▸ Goal of the exercise:
Could you copy every record exactly, leaving the pictures behind?

(Stored data entries)
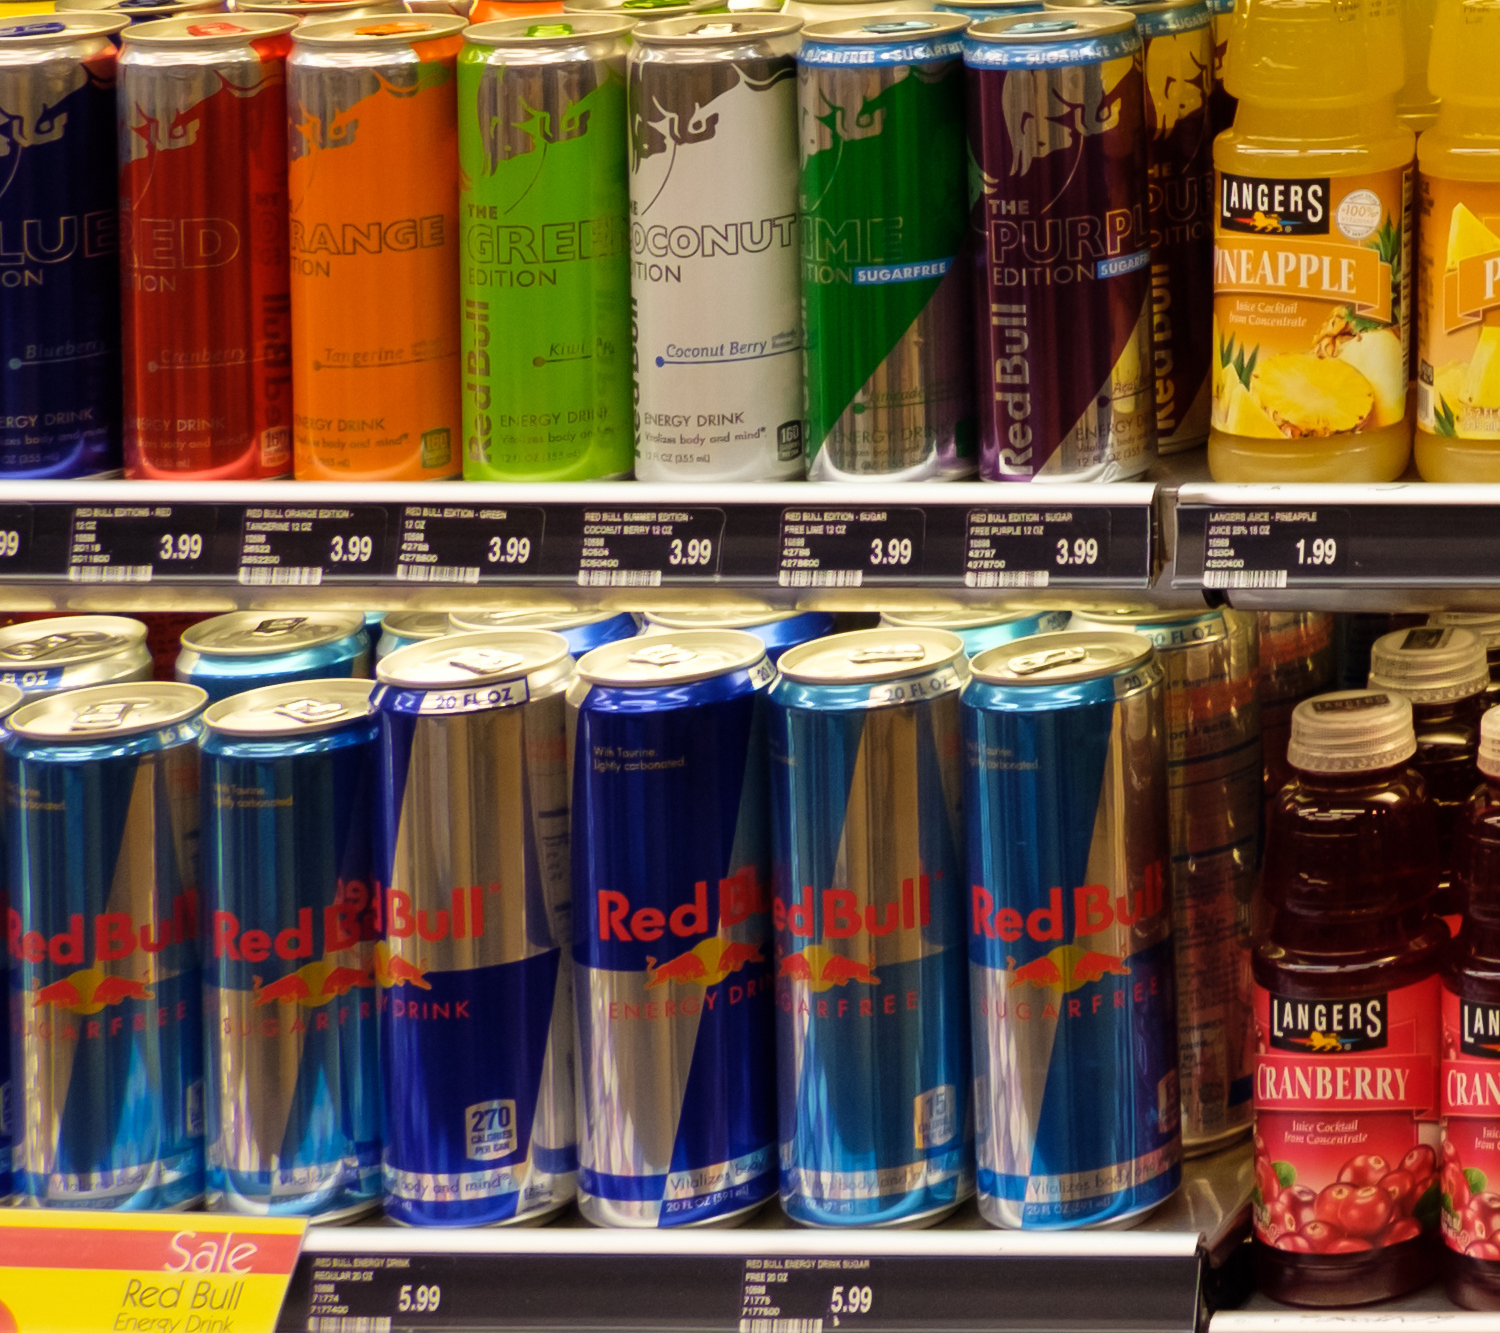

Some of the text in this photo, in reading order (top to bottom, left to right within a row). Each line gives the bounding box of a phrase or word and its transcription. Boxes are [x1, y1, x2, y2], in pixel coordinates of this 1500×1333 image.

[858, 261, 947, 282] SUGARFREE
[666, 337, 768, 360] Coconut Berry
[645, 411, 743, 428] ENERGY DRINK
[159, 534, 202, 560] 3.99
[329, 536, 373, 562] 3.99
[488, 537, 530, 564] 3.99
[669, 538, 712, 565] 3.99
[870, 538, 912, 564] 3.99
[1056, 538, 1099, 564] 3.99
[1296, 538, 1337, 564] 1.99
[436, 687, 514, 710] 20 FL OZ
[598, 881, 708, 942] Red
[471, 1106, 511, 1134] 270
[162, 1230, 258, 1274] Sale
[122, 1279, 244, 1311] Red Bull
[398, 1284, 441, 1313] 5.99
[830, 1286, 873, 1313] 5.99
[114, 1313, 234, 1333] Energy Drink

▸ Solution to this exercise:
Some of the text in this photo, in reading order (top to bottom, left to right within a row). Each line gives the bounding box of a phrase or word and its transcription. Boxes are [x1, y1, x2, y2], in pixel coordinates of this 1500×1333 image.

[858, 261, 947, 282] SUGARFREE
[666, 337, 768, 360] Coconut Berry
[645, 411, 743, 428] ENERGY DRINK
[159, 534, 202, 560] 3.99
[329, 536, 373, 562] 3.99
[488, 537, 530, 564] 3.99
[669, 538, 712, 565] 3.99
[870, 538, 912, 564] 3.99
[1056, 538, 1099, 564] 3.99
[1296, 538, 1337, 564] 1.99
[436, 687, 514, 710] 20 FL OZ
[598, 881, 708, 942] Red
[471, 1106, 511, 1134] 270
[162, 1230, 258, 1274] Sale
[122, 1279, 244, 1311] Red Bull
[398, 1284, 441, 1313] 5.99
[830, 1286, 873, 1313] 5.99
[114, 1313, 234, 1333] Energy Drink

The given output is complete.